Though part of him did not dare, he found himself tipping dangerously towards sleep almost against his will, that lively fire inviting him to rest. To be sure, he woke up to the harsh brightness of another day and cursed his inattentiveness. There was no wonder he had failed his test, he thought: for all the training he had received, he might as well have forgotten it the moment that oaken door had closed behind him.
Well, no more, he decided within. He would mourn his lost life, but not now; tears and distraction were luxuries he could not afford at the moment.
Daniel had been given a choice, strange and uncanny though it was. He had been instructed to go west, but that would take him straight to Farson and the rebellion that had plunged the western barony of Garland and others into madness and chaos.
He had no honor left to him, true, but there was always room to fall further.
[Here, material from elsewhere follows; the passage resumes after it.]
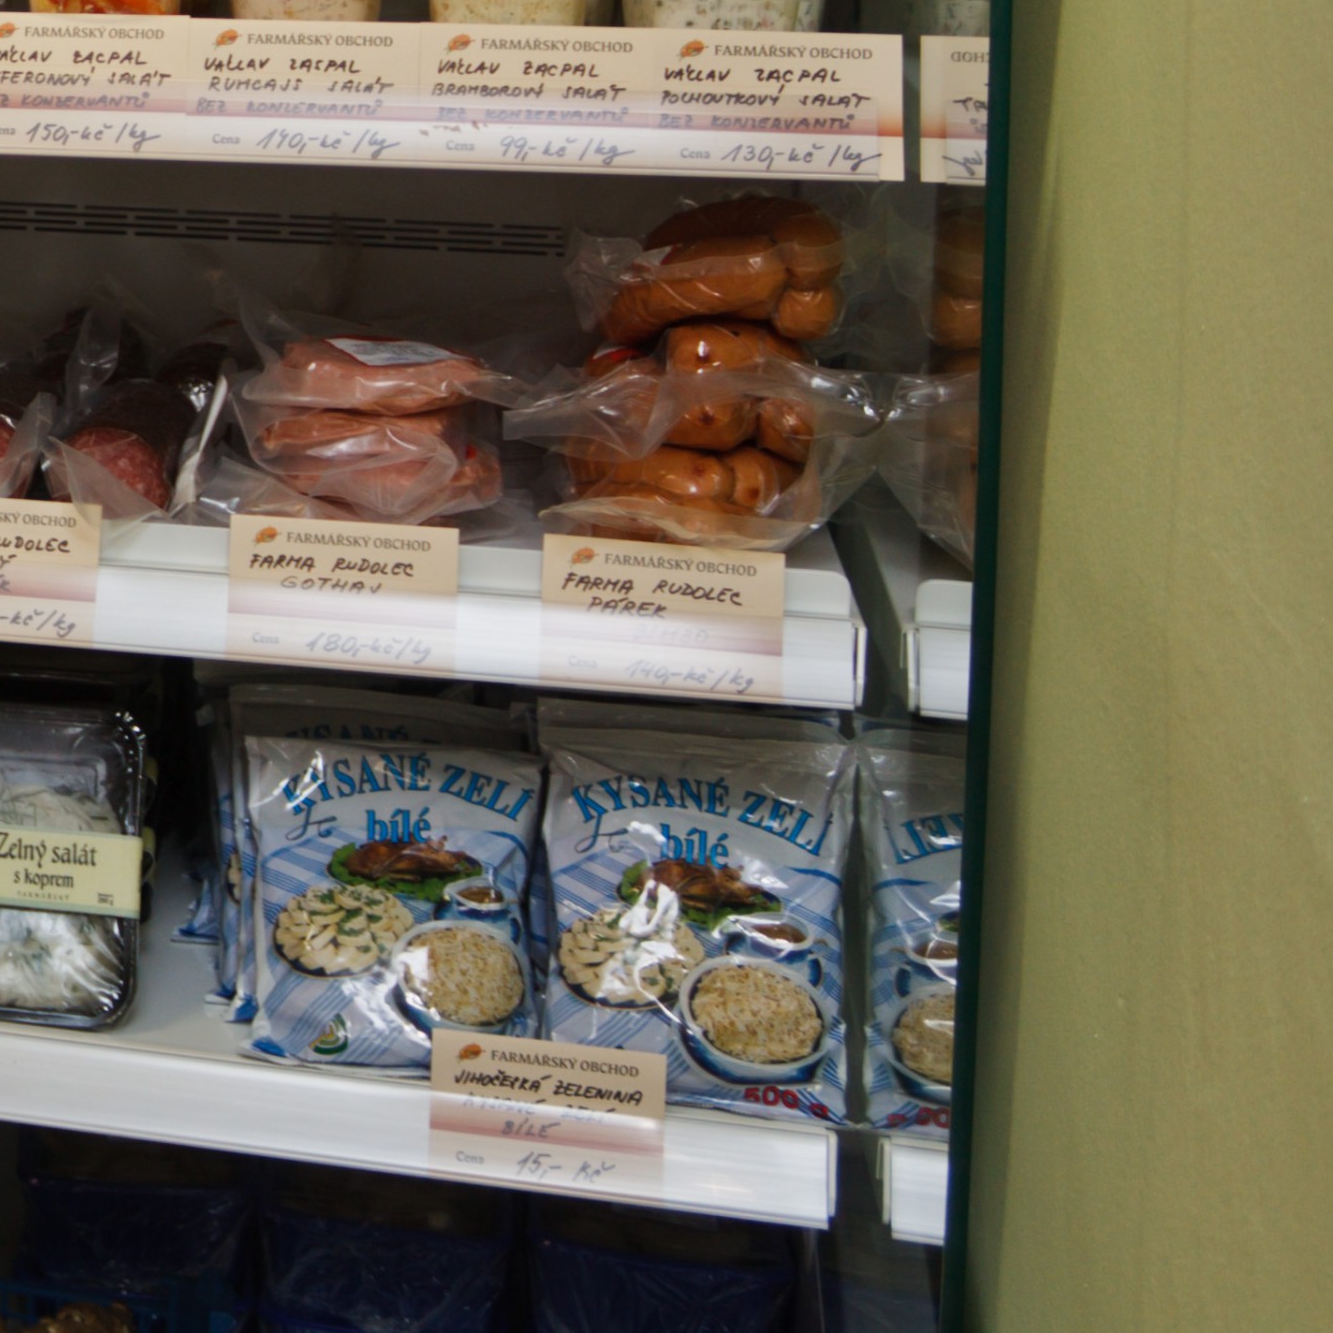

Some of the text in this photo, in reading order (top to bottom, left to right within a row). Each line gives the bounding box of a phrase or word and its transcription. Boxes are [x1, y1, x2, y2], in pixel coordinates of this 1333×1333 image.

That was no choice at all, and so he determined to go down another path.
He examined the tools again. They seemed innocent, and mundane; there was no foulness he could readily detect, though he uncorked the waterskin and emptied it on a lark. Forcing himself to go without these basic elements of survival was a sure foolishness in and of itself; it could serve no one to let himself die out in the wild from exposure, like some helpless infant. He unwrapped the cloth from his staff, tearing another thin strip from it to serve as a belt and holster for the knife. He securely wrapped the flint, steel, and waterskin in larger swath, tying them all in a bindle just under one of the bronze caps.
The gun, however…
There could be no question. Using the short dagger to break the packed earth, he dug a small hole next to the fire and buried it.
He had forgotten the face of his father, after all. Even if it was just this gross little thing, he could never touch a gun again.
He rose from that place, the coals of the fire glowing visibly even in the light of day. It all felt foul to him now: the strange fire, these patchwork dwellings, the mountains rising in the west. He wondered that he could not sense it before. The rough mud huts seemed to stare at him in their squalor, asking him what he would do next.
The only answer he gave them was to turn away, away from the mountains to begin his steady march to the north.